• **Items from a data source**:
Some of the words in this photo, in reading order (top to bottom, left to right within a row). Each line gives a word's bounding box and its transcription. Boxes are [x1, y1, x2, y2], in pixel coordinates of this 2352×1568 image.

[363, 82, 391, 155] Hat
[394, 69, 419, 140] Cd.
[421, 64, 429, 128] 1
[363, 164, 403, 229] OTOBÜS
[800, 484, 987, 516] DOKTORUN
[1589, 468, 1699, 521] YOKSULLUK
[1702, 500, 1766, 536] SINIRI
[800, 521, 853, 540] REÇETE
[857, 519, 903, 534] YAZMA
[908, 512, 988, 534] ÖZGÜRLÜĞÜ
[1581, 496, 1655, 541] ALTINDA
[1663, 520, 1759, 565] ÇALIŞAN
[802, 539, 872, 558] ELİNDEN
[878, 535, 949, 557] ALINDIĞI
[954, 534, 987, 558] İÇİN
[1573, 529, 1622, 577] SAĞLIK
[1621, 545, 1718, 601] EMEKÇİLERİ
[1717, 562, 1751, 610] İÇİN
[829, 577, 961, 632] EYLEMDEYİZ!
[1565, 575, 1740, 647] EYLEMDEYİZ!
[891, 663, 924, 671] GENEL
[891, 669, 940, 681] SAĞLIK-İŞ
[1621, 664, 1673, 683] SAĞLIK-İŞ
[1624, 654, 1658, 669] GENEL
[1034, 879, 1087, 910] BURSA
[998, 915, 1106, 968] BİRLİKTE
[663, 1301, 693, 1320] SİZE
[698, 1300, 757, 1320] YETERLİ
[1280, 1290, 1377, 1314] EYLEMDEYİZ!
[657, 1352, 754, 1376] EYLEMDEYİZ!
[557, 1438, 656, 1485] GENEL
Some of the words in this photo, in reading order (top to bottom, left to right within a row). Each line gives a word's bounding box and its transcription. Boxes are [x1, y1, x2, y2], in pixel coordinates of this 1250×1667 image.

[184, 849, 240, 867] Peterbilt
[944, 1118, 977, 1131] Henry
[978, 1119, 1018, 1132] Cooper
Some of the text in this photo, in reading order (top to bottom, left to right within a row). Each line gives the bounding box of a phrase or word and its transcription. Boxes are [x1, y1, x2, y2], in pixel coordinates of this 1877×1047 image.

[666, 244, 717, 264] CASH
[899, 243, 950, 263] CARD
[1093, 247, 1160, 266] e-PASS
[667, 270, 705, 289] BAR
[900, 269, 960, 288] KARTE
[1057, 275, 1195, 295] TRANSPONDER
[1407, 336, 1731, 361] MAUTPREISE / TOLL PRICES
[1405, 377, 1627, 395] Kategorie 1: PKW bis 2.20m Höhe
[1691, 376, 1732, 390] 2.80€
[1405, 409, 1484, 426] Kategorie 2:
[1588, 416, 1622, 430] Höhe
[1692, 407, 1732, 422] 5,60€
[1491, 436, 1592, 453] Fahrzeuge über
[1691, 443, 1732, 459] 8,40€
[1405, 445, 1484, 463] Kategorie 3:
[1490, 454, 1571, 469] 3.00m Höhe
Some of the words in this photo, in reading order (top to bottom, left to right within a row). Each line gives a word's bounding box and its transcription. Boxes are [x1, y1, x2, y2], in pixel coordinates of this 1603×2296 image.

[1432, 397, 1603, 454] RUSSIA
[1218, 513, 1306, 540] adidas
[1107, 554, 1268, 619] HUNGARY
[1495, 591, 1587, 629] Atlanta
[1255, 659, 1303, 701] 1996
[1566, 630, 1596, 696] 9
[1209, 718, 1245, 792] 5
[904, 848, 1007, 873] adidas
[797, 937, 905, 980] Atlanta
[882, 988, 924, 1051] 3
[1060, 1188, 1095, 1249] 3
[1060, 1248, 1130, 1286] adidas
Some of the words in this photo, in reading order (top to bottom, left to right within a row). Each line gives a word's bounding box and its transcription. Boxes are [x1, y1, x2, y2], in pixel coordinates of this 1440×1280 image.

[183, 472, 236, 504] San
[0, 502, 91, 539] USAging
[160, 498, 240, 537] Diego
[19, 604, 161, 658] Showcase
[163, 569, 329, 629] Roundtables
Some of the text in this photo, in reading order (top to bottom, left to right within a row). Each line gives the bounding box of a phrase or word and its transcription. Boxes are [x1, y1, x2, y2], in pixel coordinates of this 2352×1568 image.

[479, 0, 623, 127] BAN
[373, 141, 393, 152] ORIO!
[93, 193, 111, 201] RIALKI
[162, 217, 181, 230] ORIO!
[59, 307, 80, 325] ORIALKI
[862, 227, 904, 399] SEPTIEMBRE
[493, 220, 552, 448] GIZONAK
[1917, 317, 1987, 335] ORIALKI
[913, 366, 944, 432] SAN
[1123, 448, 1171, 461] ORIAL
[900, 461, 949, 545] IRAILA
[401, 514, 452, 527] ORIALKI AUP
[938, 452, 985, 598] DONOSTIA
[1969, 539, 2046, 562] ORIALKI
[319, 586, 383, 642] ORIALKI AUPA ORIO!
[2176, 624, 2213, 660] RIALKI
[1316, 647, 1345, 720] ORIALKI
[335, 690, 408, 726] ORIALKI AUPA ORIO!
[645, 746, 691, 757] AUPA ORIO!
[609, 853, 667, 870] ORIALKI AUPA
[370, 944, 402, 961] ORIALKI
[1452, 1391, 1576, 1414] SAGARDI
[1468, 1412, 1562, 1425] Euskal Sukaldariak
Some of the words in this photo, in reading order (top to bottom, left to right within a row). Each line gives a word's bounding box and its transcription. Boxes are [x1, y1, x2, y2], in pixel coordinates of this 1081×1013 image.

• **EXERCISE BRIEF**:
All the data above should be set down a second time, exactly.

• **SOLVED PROBLEM**:
Some of the words in this photo, in reading order (top to bottom, left to right within a row). Each line gives a word's bounding box and its transcription. Boxes are [x1, y1, x2, y2], in pixel coordinates of this 2352×1568 image.

[363, 82, 391, 155] Hat
[394, 69, 419, 140] Cd.
[421, 64, 429, 128] 1
[363, 164, 403, 229] OTOBÜS
[800, 484, 987, 516] DOKTORUN
[1589, 468, 1699, 521] YOKSULLUK
[1702, 500, 1766, 536] SINIRI
[800, 521, 853, 540] REÇETE
[857, 519, 903, 534] YAZMA
[908, 512, 988, 534] ÖZGÜRLÜĞÜ
[1581, 496, 1655, 541] ALTINDA
[1663, 520, 1759, 565] ÇALIŞAN
[802, 539, 872, 558] ELİNDEN
[878, 535, 949, 557] ALINDIĞI
[954, 534, 987, 558] İÇİN
[1573, 529, 1622, 577] SAĞLIK
[1621, 545, 1718, 601] EMEKÇİLERİ
[1717, 562, 1751, 610] İÇİN
[829, 577, 961, 632] EYLEMDEYİZ!
[1565, 575, 1740, 647] EYLEMDEYİZ!
[891, 663, 924, 671] GENEL
[891, 669, 940, 681] SAĞLIK-İŞ
[1621, 664, 1673, 683] SAĞLIK-İŞ
[1624, 654, 1658, 669] GENEL
[1034, 879, 1087, 910] BURSA
[998, 915, 1106, 968] BİRLİKTE
[663, 1301, 693, 1320] SİZE
[698, 1300, 757, 1320] YETERLİ
[1280, 1290, 1377, 1314] EYLEMDEYİZ!
[657, 1352, 754, 1376] EYLEMDEYİZ!
[557, 1438, 656, 1485] GENEL
Some of the words in this photo, in reading order (top to bottom, left to right within a row). Each line gives a word's bounding box and its transcription. Boxes are [x1, y1, x2, y2], in pixel coordinates of this 1250×1667 image.

[184, 849, 240, 867] Peterbilt
[944, 1118, 977, 1131] Henry
[978, 1119, 1018, 1132] Cooper
Some of the text in this photo, in reading order (top to bottom, left to right within a row). Each line gives the bounding box of a phrase or word and its transcription. Boxes are [x1, y1, x2, y2], in pixel coordinates of this 1877×1047 image.

[666, 244, 717, 264] CASH
[899, 243, 950, 263] CARD
[1093, 247, 1160, 266] e-PASS
[667, 270, 705, 289] BAR
[900, 269, 960, 288] KARTE
[1057, 275, 1195, 295] TRANSPONDER
[1407, 336, 1731, 361] MAUTPREISE / TOLL PRICES
[1405, 377, 1627, 395] Kategorie 1: PKW bis 2.20m Höhe
[1691, 376, 1732, 390] 2.80€
[1405, 409, 1484, 426] Kategorie 2:
[1588, 416, 1622, 430] Höhe
[1692, 407, 1732, 422] 5,60€
[1491, 436, 1592, 453] Fahrzeuge über
[1691, 443, 1732, 459] 8,40€
[1405, 445, 1484, 463] Kategorie 3:
[1490, 454, 1571, 469] 3.00m Höhe
Some of the words in this photo, in reading order (top to bottom, left to right within a row). Each line gives a word's bounding box and its transcription. Boxes are [x1, y1, x2, y2], in pixel coordinates of this 1603×2296 image.

[1432, 397, 1603, 454] RUSSIA
[1218, 513, 1306, 540] adidas
[1107, 554, 1268, 619] HUNGARY
[1495, 591, 1587, 629] Atlanta
[1255, 659, 1303, 701] 1996
[1566, 630, 1596, 696] 9
[1209, 718, 1245, 792] 5
[904, 848, 1007, 873] adidas
[797, 937, 905, 980] Atlanta
[882, 988, 924, 1051] 3
[1060, 1188, 1095, 1249] 3
[1060, 1248, 1130, 1286] adidas
Some of the words in this photo, in reading order (top to bottom, left to right within a row). Each line gives a word's bounding box and its transcription. Boxes are [x1, y1, x2, y2], in pixel coordinates of this 1440×1280 image.

[183, 472, 236, 504] San
[0, 502, 91, 539] USAging
[160, 498, 240, 537] Diego
[19, 604, 161, 658] Showcase
[163, 569, 329, 629] Roundtables
Some of the text in this photo, in reading order (top to bottom, left to right within a row). Each line gives the bounding box of a phrase or word and its transcription. Boxes are [x1, y1, x2, y2], in pixel coordinates of this 2352×1568 image.

[479, 0, 623, 127] BAN
[373, 141, 393, 152] ORIO!
[93, 193, 111, 201] RIALKI
[162, 217, 181, 230] ORIO!
[59, 307, 80, 325] ORIALKI
[862, 227, 904, 399] SEPTIEMBRE
[493, 220, 552, 448] GIZONAK
[1917, 317, 1987, 335] ORIALKI
[913, 366, 944, 432] SAN
[1123, 448, 1171, 461] ORIAL
[900, 461, 949, 545] IRAILA
[401, 514, 452, 527] ORIALKI AUP
[938, 452, 985, 598] DONOSTIA
[1969, 539, 2046, 562] ORIALKI
[319, 586, 383, 642] ORIALKI AUPA ORIO!
[2176, 624, 2213, 660] RIALKI
[1316, 647, 1345, 720] ORIALKI
[335, 690, 408, 726] ORIALKI AUPA ORIO!
[645, 746, 691, 757] AUPA ORIO!
[609, 853, 667, 870] ORIALKI AUPA
[370, 944, 402, 961] ORIALKI
[1452, 1391, 1576, 1414] SAGARDI
[1468, 1412, 1562, 1425] Euskal Sukaldariak
Some of the words in this photo, in reading order (top to bottom, left to right within a row). Each line gives a word's bounding box and its transcription. Boxes are [x1, y1, x2, y2], in pixel coordinates of this 1081×1013 image.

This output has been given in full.